Generalmente el verbo meditar se usa como sinónimo de pensar, y de pensar no a la ligera, sino muy profundamente. Las grandes dificultades que nos presenta el diario vivir nos incitan siempre a pensar sobre nuestros problemas, buscando soluciones que a veces no son fáciles de hallar. ¿Pero cómo se puede alcanzar esa profundidad de pensamiento? ¿Cómo se hace para lograr ese nivel de concentración? Podría decirse que nuestra mente funciona sin cesar y de manera casi automática. Todo el día estamos pensando las mismas cosas, no logramos detener el torbellino de ideas que sin cesar nos dan vueltas en la cabeza, y no encontramos respuestas satisfactorias. Este torbellino de pensamientos descontrolados nos lleva lentamente a una situación de stress que pone en peligro nuestro equilibrio psíquico, arrebatándonos la paz y la tranquilidad.

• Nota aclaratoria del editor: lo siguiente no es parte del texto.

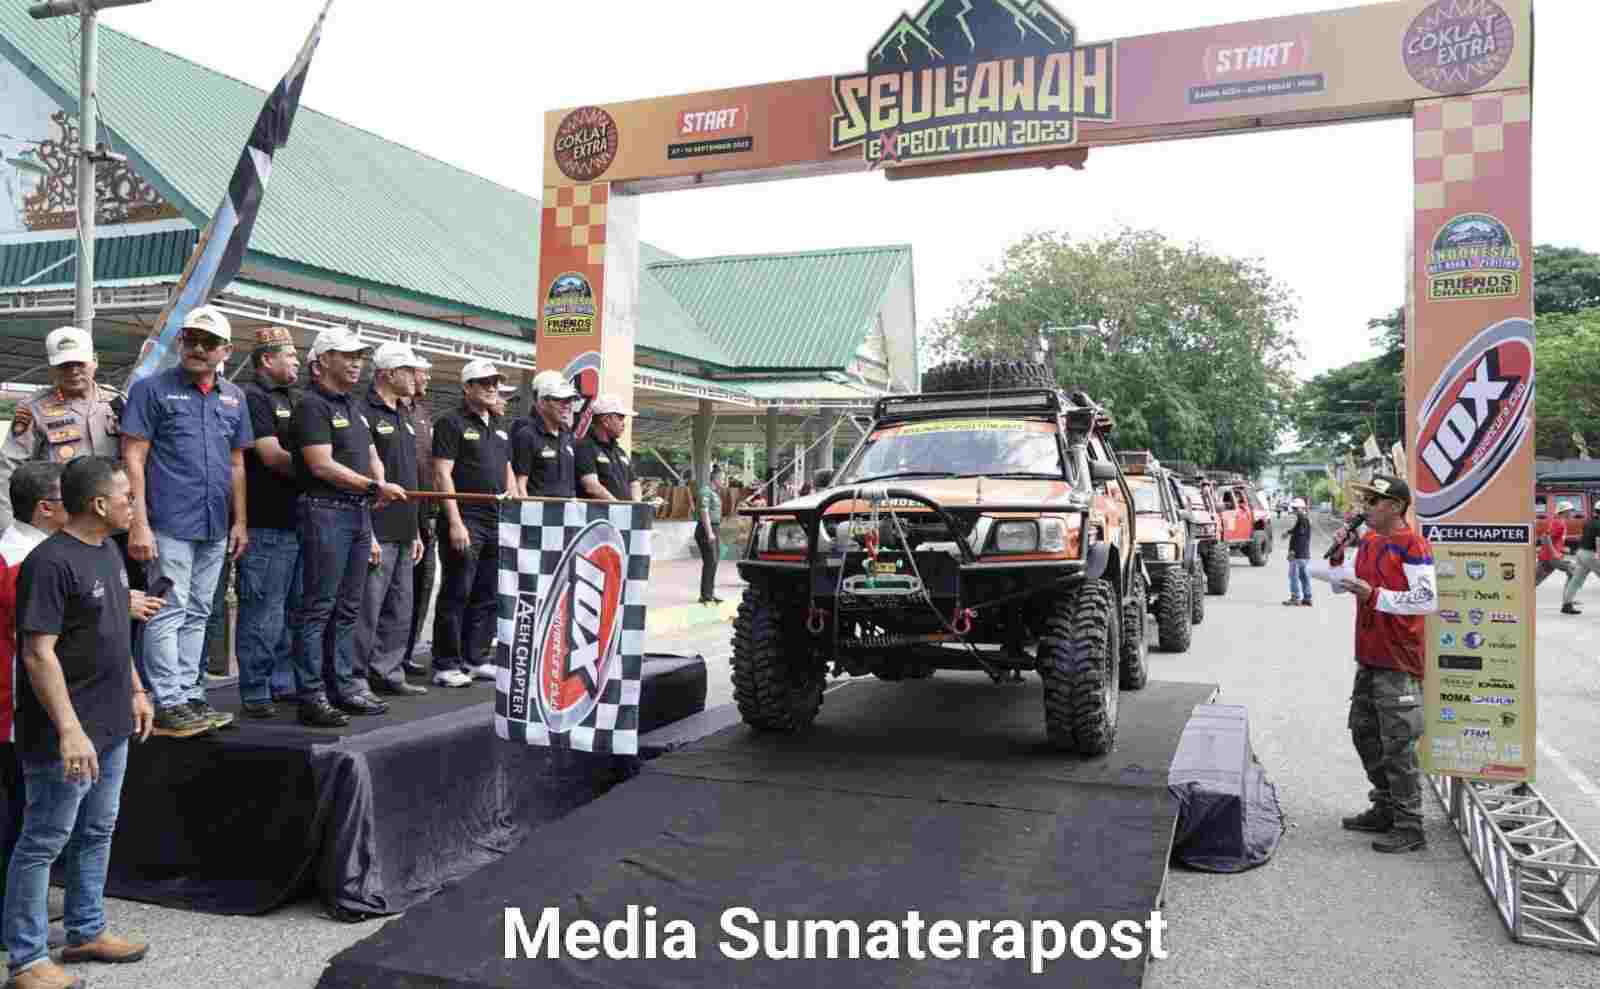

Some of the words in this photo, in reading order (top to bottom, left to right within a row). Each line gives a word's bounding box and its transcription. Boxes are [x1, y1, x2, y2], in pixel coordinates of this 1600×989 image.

[1408, 14, 1494, 54] COKLAT
[1216, 41, 1295, 72] START
[1440, 36, 1496, 64] EXTRA
[682, 108, 740, 133] START
[1012, 120, 1071, 145] 2023
[556, 121, 611, 151] COKLAT
[573, 140, 608, 159] EXTRA
[1433, 275, 1512, 289] FRIENDS
[545, 318, 592, 328] FRIENDS
[1427, 525, 1463, 542] ACEH
[1465, 528, 1524, 539] CHAPTER
[517, 600, 535, 643] ACEH
[512, 646, 530, 714] CHAPTER

La única manera de superar esta condición de alienación mental consiste en aplicar un corte, una detención momentánea, pero eficaz, sobre nuestra desordenada actividad cerebral. El arte de la meditación nos permite hacer ese corte de manera sencilla y muy efectiva. La técnica es bastante simple, pero requiere de cierta práctica. Se sienta uno en un lugar tranquilo, empieza a respirar lenta y profundamente hasta que todo el cuerpo esté completamente relajado, y luego se hace un esfuerzo por eliminar todos los pensamientos que cruzan por nuestra mente. El “truco” es concentrar la mente únicamente en la respiración, porque nuestro cerebro sólo puede poner atención a una cosa a la vez. Si enfocamos la atención en nuestro flujo respiratorio, los pensamientos se quedan sin atención de nuestra parte, y poco a poco van a ir desapareciendo, y aún más, una agradable sensación de bienestar y de poder se empieza a experimentar interiormente. Esa energía que se obtiene de la meditación es acumulable, por lo que al cabo de un tiempo, un cambio profundo se hace presente en las personas que meditan regularmente. El stress desaparece, la mente se aclara, las ideas se organizan, y uno es capaz de afrontar las dificultades de la vida con cierto desapego, sin ansiedad. Con el tiempo esto es lo que entrega el maravilloso arte de la meditación. Y además se logra ver la vida con más optimismo, dando cada vez un paso más hacia la verdadera felicidad.